WHAT YOU NEED TO DO: Go through the listing and set it down exactly, leaving out its pictures.
•••••
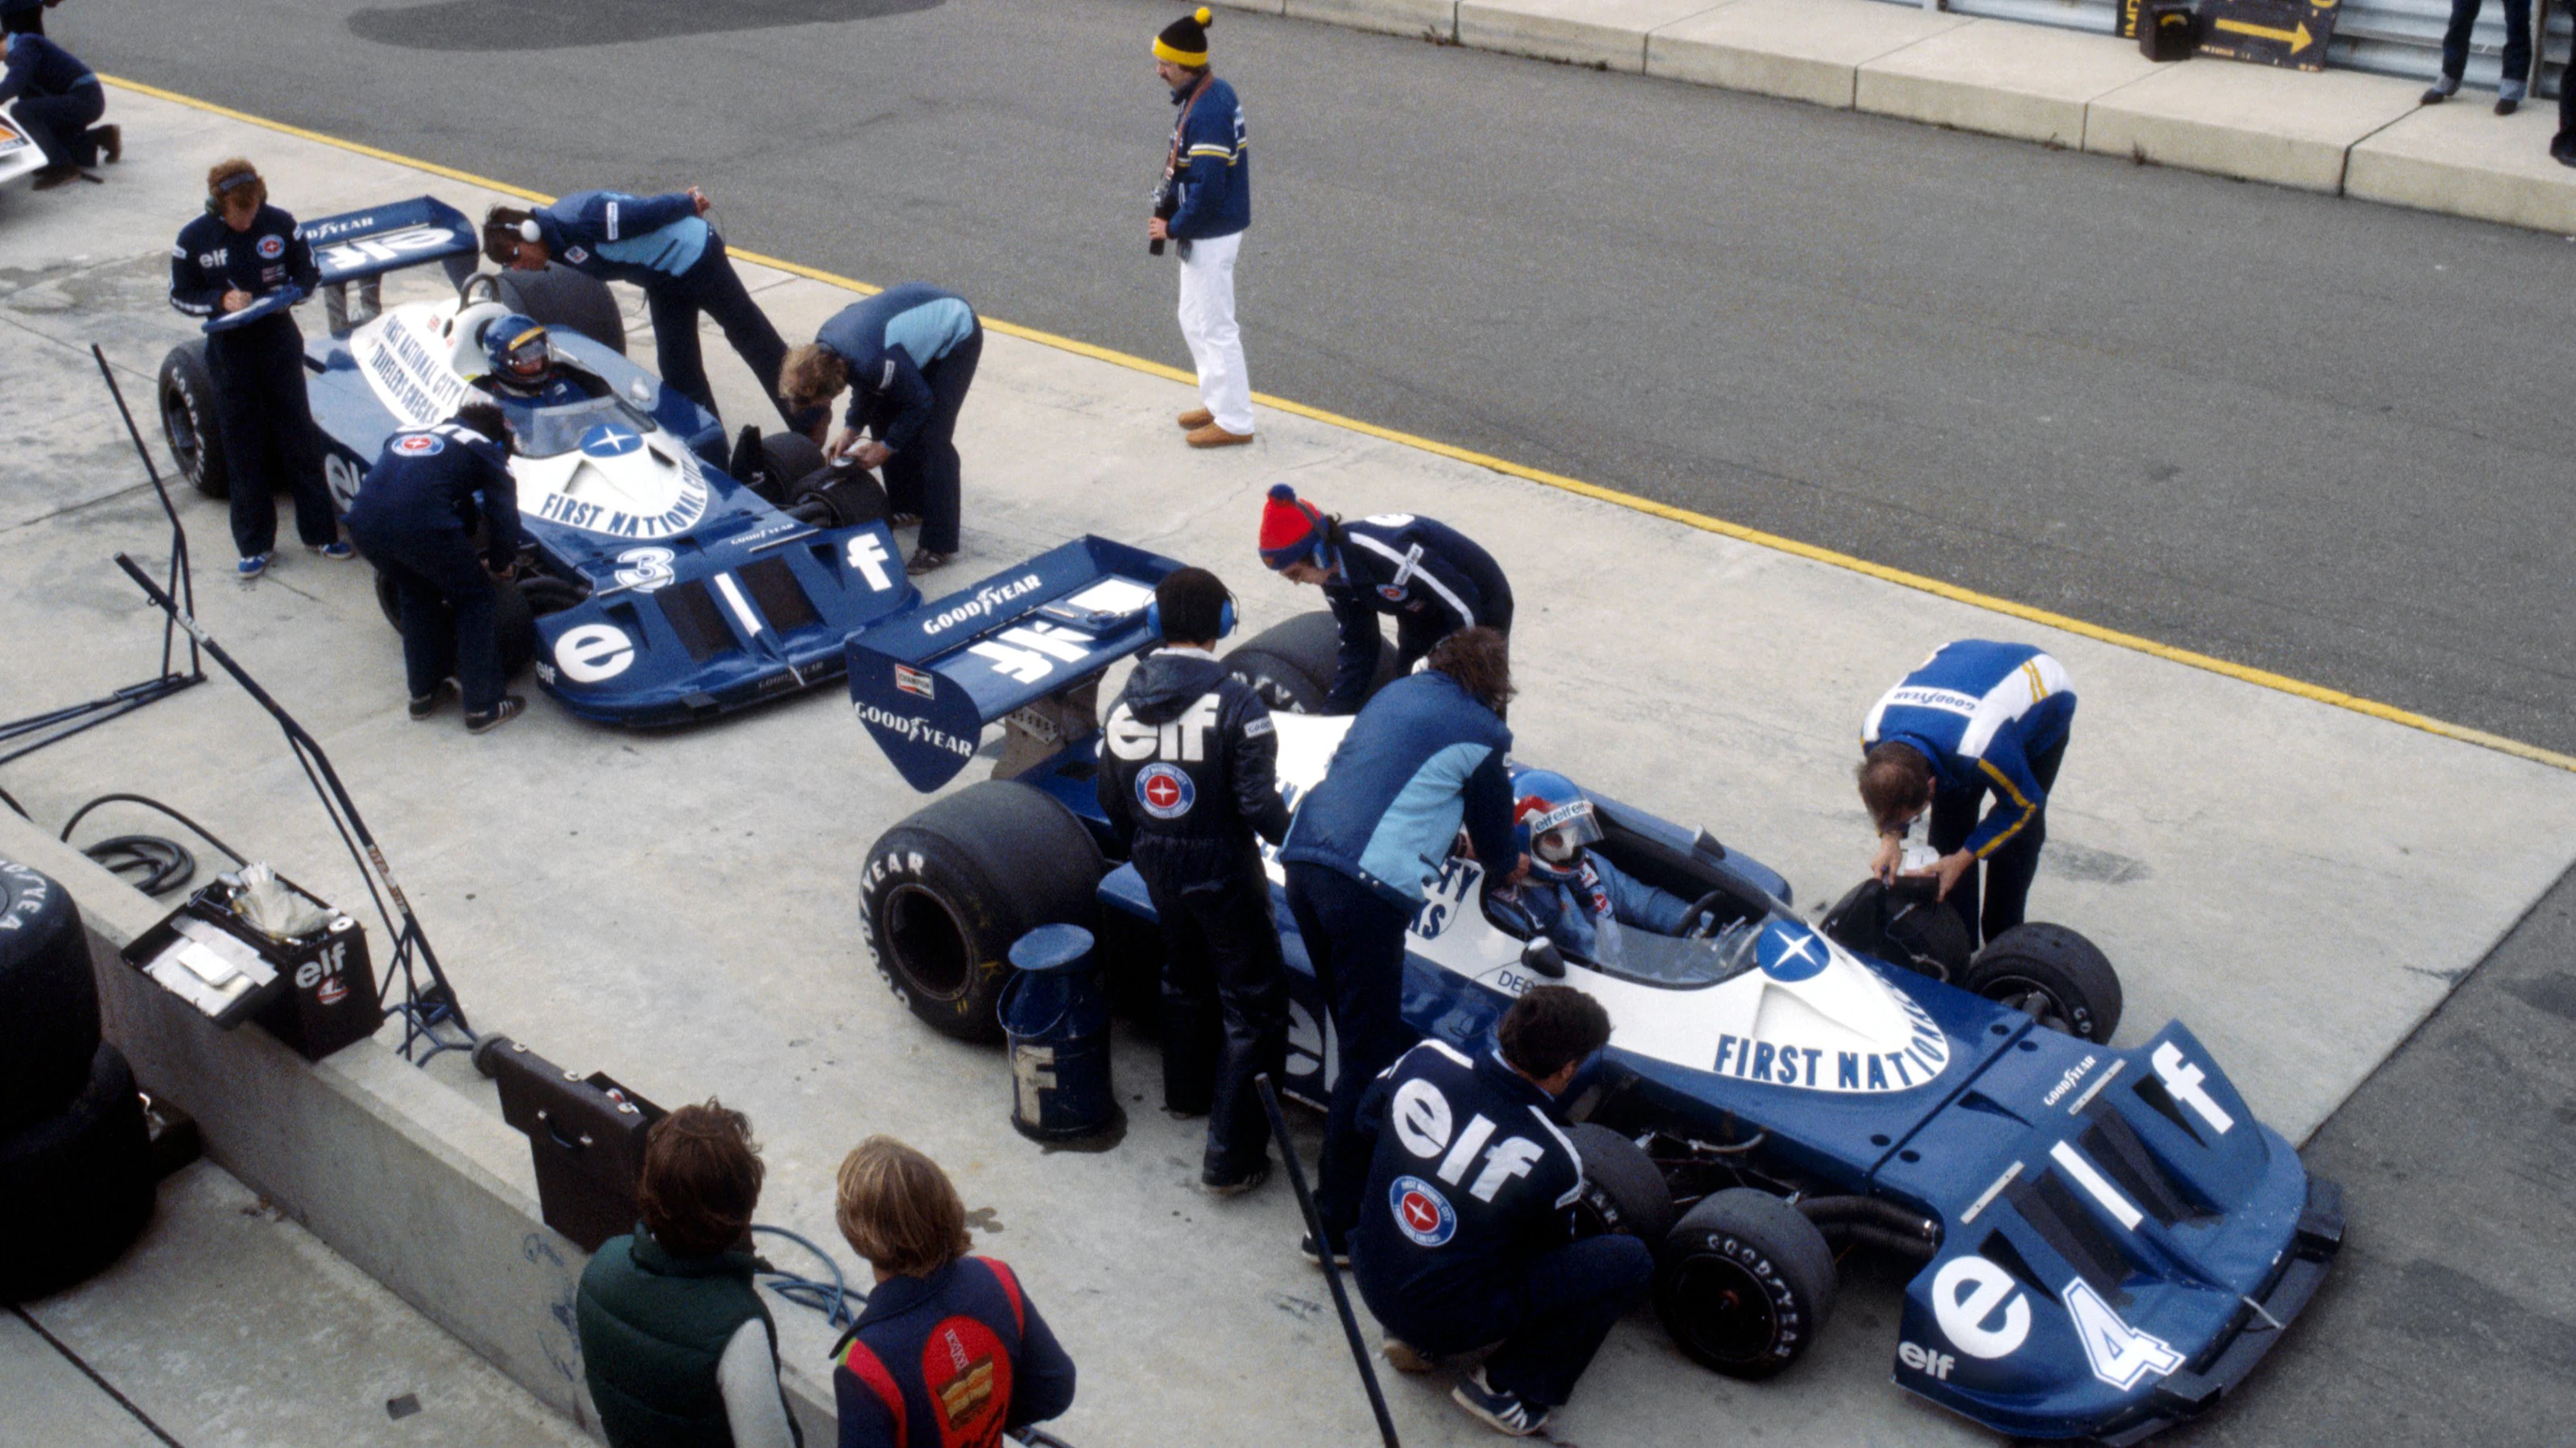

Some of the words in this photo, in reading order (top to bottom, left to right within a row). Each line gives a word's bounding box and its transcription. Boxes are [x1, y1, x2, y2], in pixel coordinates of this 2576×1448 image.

[305, 217, 374, 240] DYEAR
[200, 248, 229, 268] elf
[398, 332, 440, 386] NATIONAL
[432, 371, 463, 406] CITY
[324, 452, 367, 514] el
[539, 492, 605, 528] FIRST
[607, 489, 706, 537] NATIONAL
[730, 522, 795, 546] GOODYEAR
[614, 547, 675, 593] 3
[922, 574, 1042, 635] GOODYEAR
[535, 660, 556, 686] elf
[899, 672, 931, 690] CHAMPION
[1893, 691, 1976, 710] GOODYEAR
[854, 701, 972, 757] GOODYEAR
[1106, 693, 1221, 761] elf
[1248, 720, 1280, 734] GOOD
[1535, 815, 1554, 831] elf
[1554, 805, 1571, 821] elf
[1437, 856, 1480, 902] TY
[295, 941, 346, 988] elf
[1285, 997, 1340, 1093] el
[1712, 1033, 1823, 1087] FIRST
[1837, 992, 1946, 1090] NATIONAL
[1014, 1045, 1058, 1127] F
[2043, 1055, 2097, 1107] GOODYEAR
[1392, 1077, 1546, 1204] elf
[1707, 1234, 1798, 1358] GOODYEAR
[2061, 1276, 2186, 1391] 4
[1897, 1340, 1955, 1380] elf
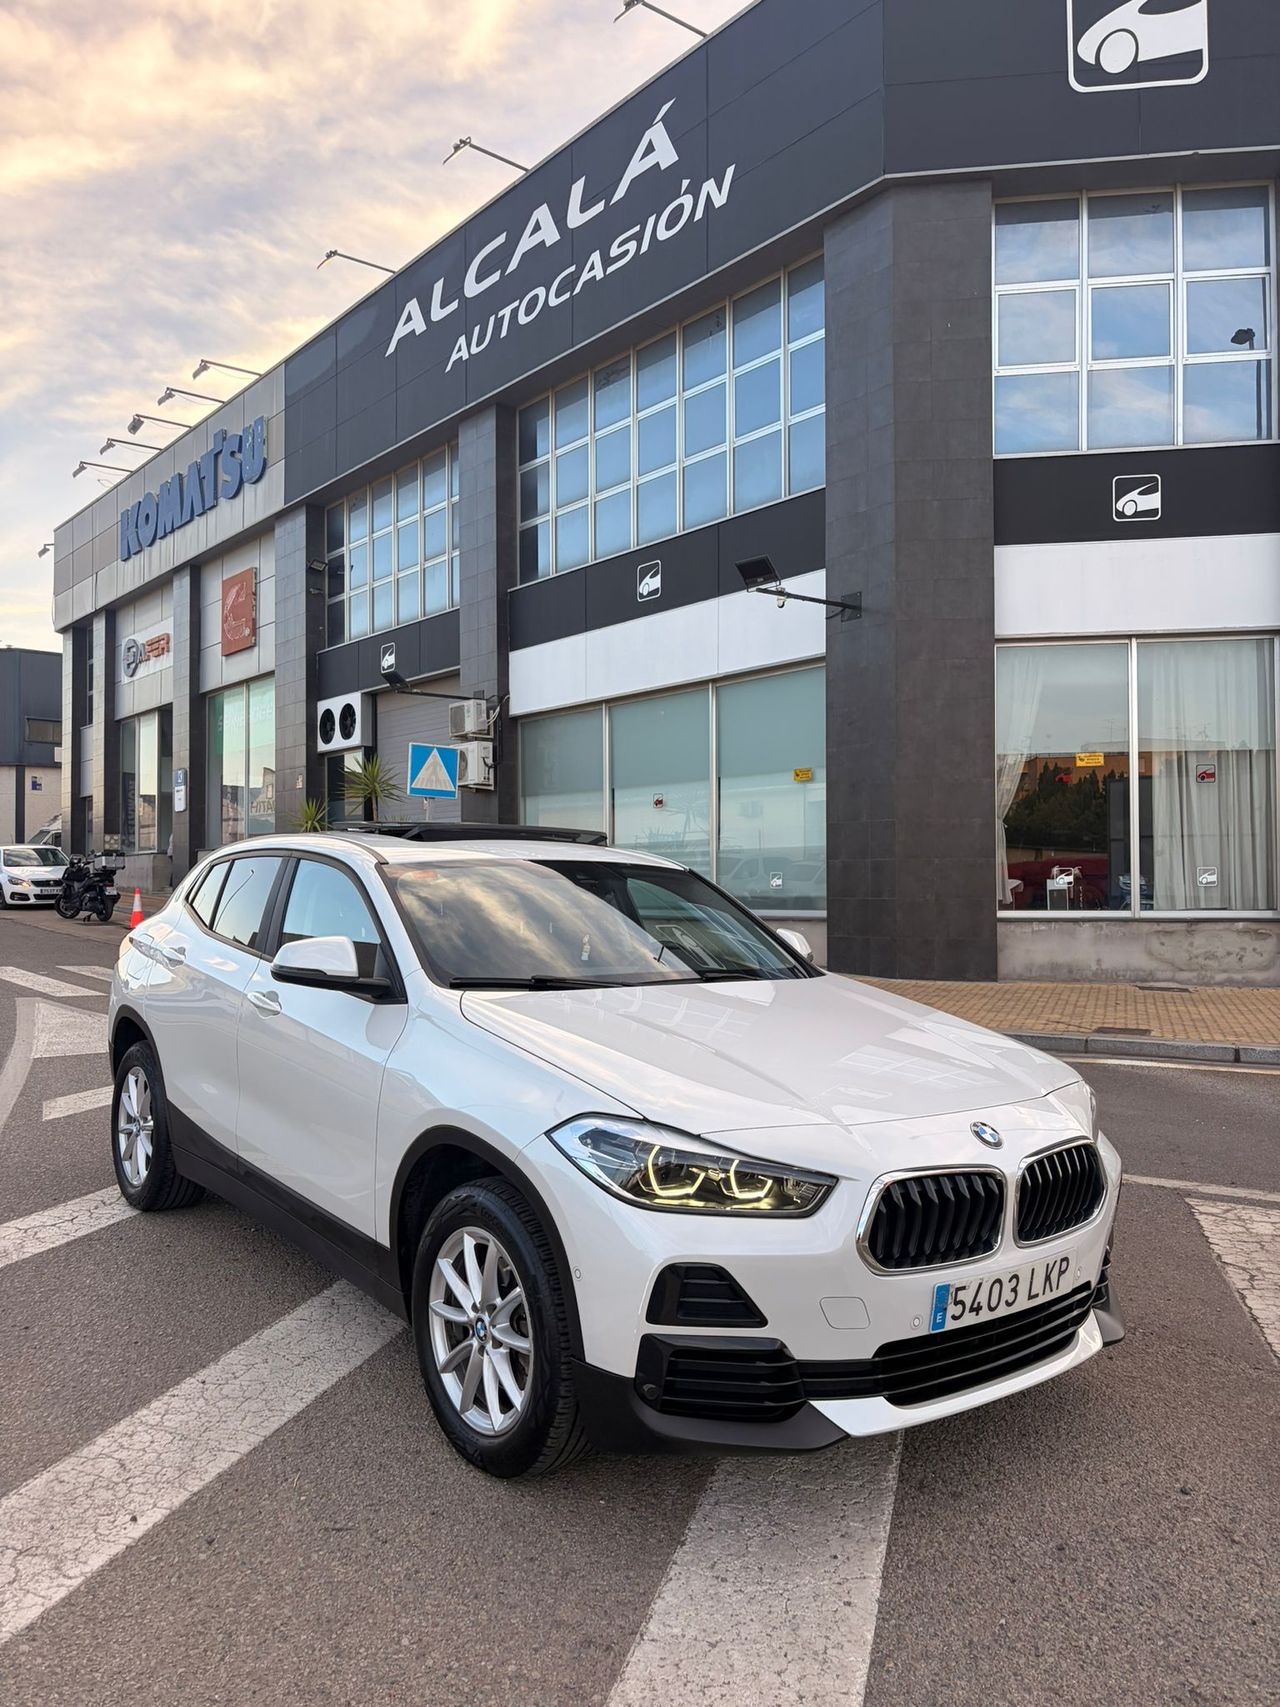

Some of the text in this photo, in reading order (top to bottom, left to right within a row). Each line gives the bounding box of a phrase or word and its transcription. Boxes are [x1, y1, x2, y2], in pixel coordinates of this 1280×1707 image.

[384, 97, 679, 358] ALCALÁ
[445, 163, 736, 374] AUTOCASIÓN
[120, 415, 267, 562] KOMATSU
[950, 1256, 1070, 1321] 5403 LKP
•••••
FINAL ANSWER:
Some of the words in this photo, in reading order (top to bottom, left to right within a row). Each line gives a word's bounding box and its transcription. Boxes are [x1, y1, x2, y2], in pixel coordinates of this 2576×1448 image.

[305, 217, 374, 240] DYEAR
[200, 248, 229, 268] elf
[398, 332, 440, 386] NATIONAL
[432, 371, 463, 406] CITY
[324, 452, 367, 514] el
[539, 492, 605, 528] FIRST
[607, 489, 706, 537] NATIONAL
[730, 522, 795, 546] GOODYEAR
[614, 547, 675, 593] 3
[922, 574, 1042, 635] GOODYEAR
[535, 660, 556, 686] elf
[899, 672, 931, 690] CHAMPION
[1893, 691, 1976, 710] GOODYEAR
[854, 701, 972, 757] GOODYEAR
[1106, 693, 1221, 761] elf
[1248, 720, 1280, 734] GOOD
[1535, 815, 1554, 831] elf
[1554, 805, 1571, 821] elf
[1437, 856, 1480, 902] TY
[295, 941, 346, 988] elf
[1285, 997, 1340, 1093] el
[1712, 1033, 1823, 1087] FIRST
[1837, 992, 1946, 1090] NATIONAL
[1014, 1045, 1058, 1127] F
[2043, 1055, 2097, 1107] GOODYEAR
[1392, 1077, 1546, 1204] elf
[1707, 1234, 1798, 1358] GOODYEAR
[2061, 1276, 2186, 1391] 4
[1897, 1340, 1955, 1380] elf

Some of the text in this photo, in reading order (top to bottom, left to right within a row). Each line gives the bounding box of a phrase or word and its transcription. Boxes are [x1, y1, x2, y2], in pixel coordinates of this 1280×1707 image.

[384, 97, 679, 358] ALCALÁ
[445, 163, 736, 374] AUTOCASIÓN
[120, 415, 267, 562] KOMATSU
[950, 1256, 1070, 1321] 5403 LKP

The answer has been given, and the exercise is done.